Ana que jamás encontraba alegría, risas y besos en la vida, se dio a soñar todo eso desde los cuatro años. En el momento de perder la libertad se desesperaba, pero sus lágrimas se iban secando al fuego de la imaginación, que le caldeaba el cerebro y las mejillas. La niña fantaseaba primero milagros que la salvaban de sus prisiones que eran una muerte, figurábase vuelos imposibles.

«Yo tengo unas alas y vuelo por los tejados, pensaba;   —104→   me marcho como esas mariposas»; y dicho y hecho, ya no estaba allí. Iba volando por el azul que veía allá arriba.

Si doña Camila se acercaba a la puerta a escuchar por el ojo de la llave, no oía nada. La niña con los ojos muy abiertos, brillantes, los pómulos colorados, estaba horas y horas recorriendo espacios que ella creaba llenos de ensueños confusos, pero iluminados por una luz difusa que centelleaba en su cerebro.

Nunca pedía perdón; no lo necesitaba. Salía del encierro pensativa, altanera, callada; seguía soñando; la dieta le daba nueva fuerza para ello. La heroína de sus novelas de entonces era una madre. A los seis años había hecho un poema en su cabecita rizada de un rubio obscuro. Aquel poema estaba compuesto de las lágrimas de sus tristezas de huérfana maltratada y de fragmentos de cuentos que oía a los criados y a los pastores de Loreto. Siempre que podía se escapaba de casa; corría sola por los prados, entraba en las cabañas donde la conocían y acariciaban, sobre todo los perros grandes; solía comer con los pastores. Volvía de sus correrías por el campo, como la abeja con el jugo de las flores, con material para su poema. Como Poussin cogía yerbas en los prados para estudiar la naturaleza que trasladaba al lienzo. Anita volvía de sus escapatorias de salvaje con los ojos y la fantasía llenos de tesoros que fueron lo mejor que gozó en su vida. A los veintisiete años Ana Ozores hubiera podido contar aquel poema desde el principio al fin, y eso que en cada nueva edad le había añadido una parte. En la primera había una paloma encantada con un alfiler negro clavado en la cabeza; era la reina mora; su madre, la madre de Ana que no parecía. Todas las palomas con   —105→   manchas negras en la cabeza podían ser una madre, según la lógica poética de Anita.

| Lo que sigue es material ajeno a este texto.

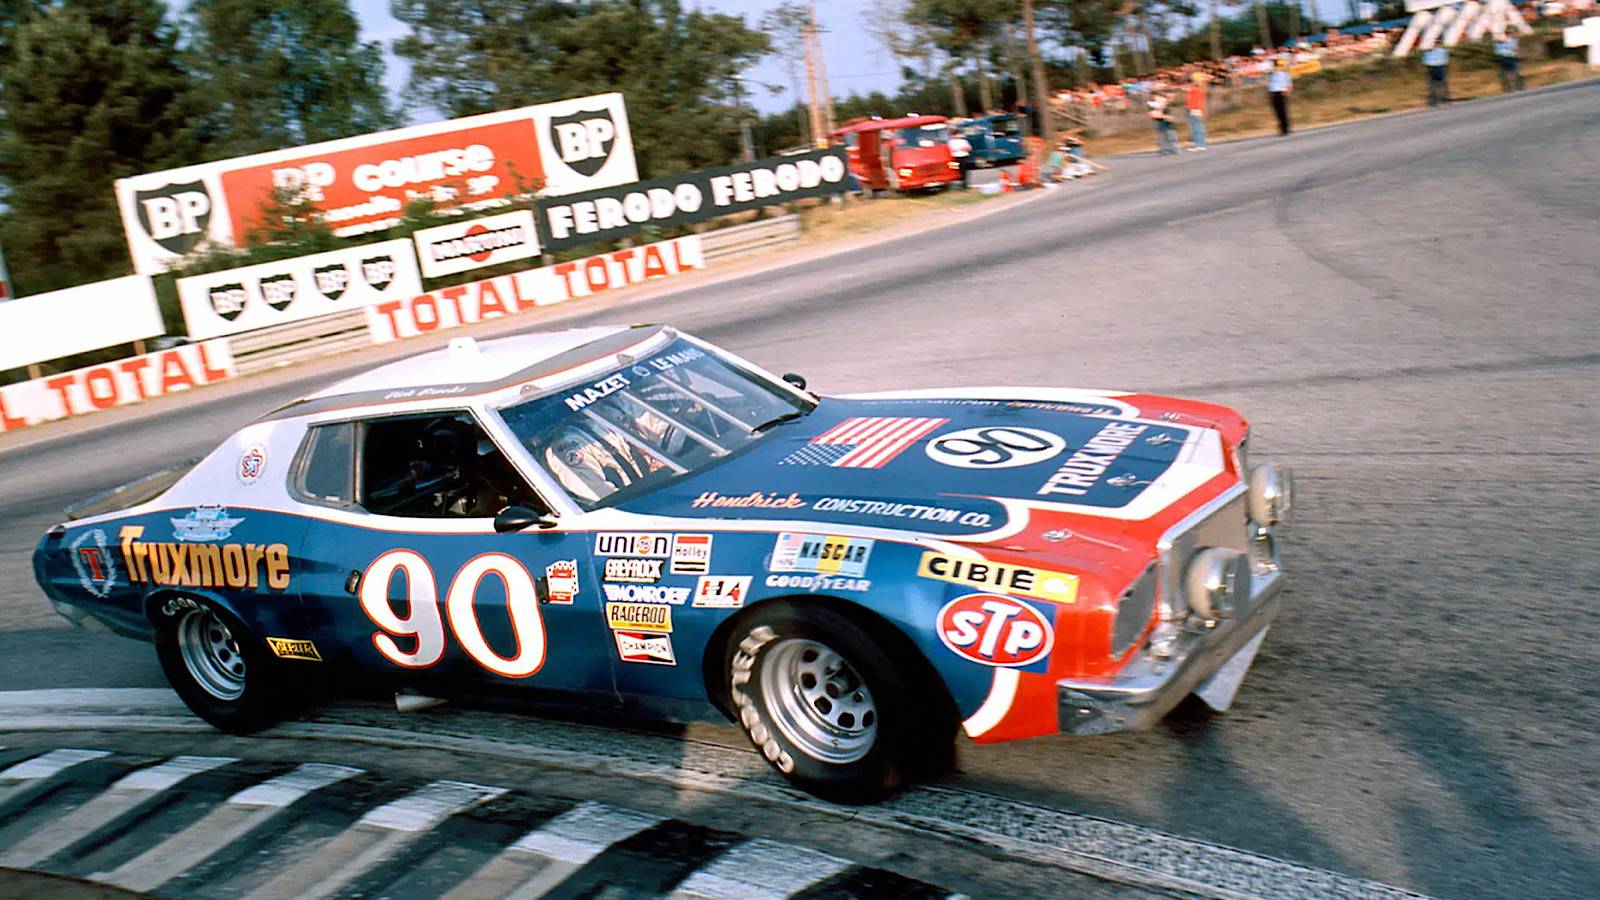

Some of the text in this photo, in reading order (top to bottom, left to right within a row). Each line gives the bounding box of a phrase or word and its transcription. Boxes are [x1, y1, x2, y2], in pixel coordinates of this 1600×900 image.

La idea del libro, como manantial de mentiras hermosas, fue la revelación más grande de toda su infancia. ¡Saber leer! esta ambición fue su pasión primera. Los dolores que doña Camila le hizo padecer antes de conseguir que aprendiera las sílabas, perdonóselos ella de todo corazón. Al fin supo leer. Pero los libros que llegaban a sus manos, no le hablaban de aquellas cosas con que soñaba. No importaba; ella les haría hablar de lo que quisiese.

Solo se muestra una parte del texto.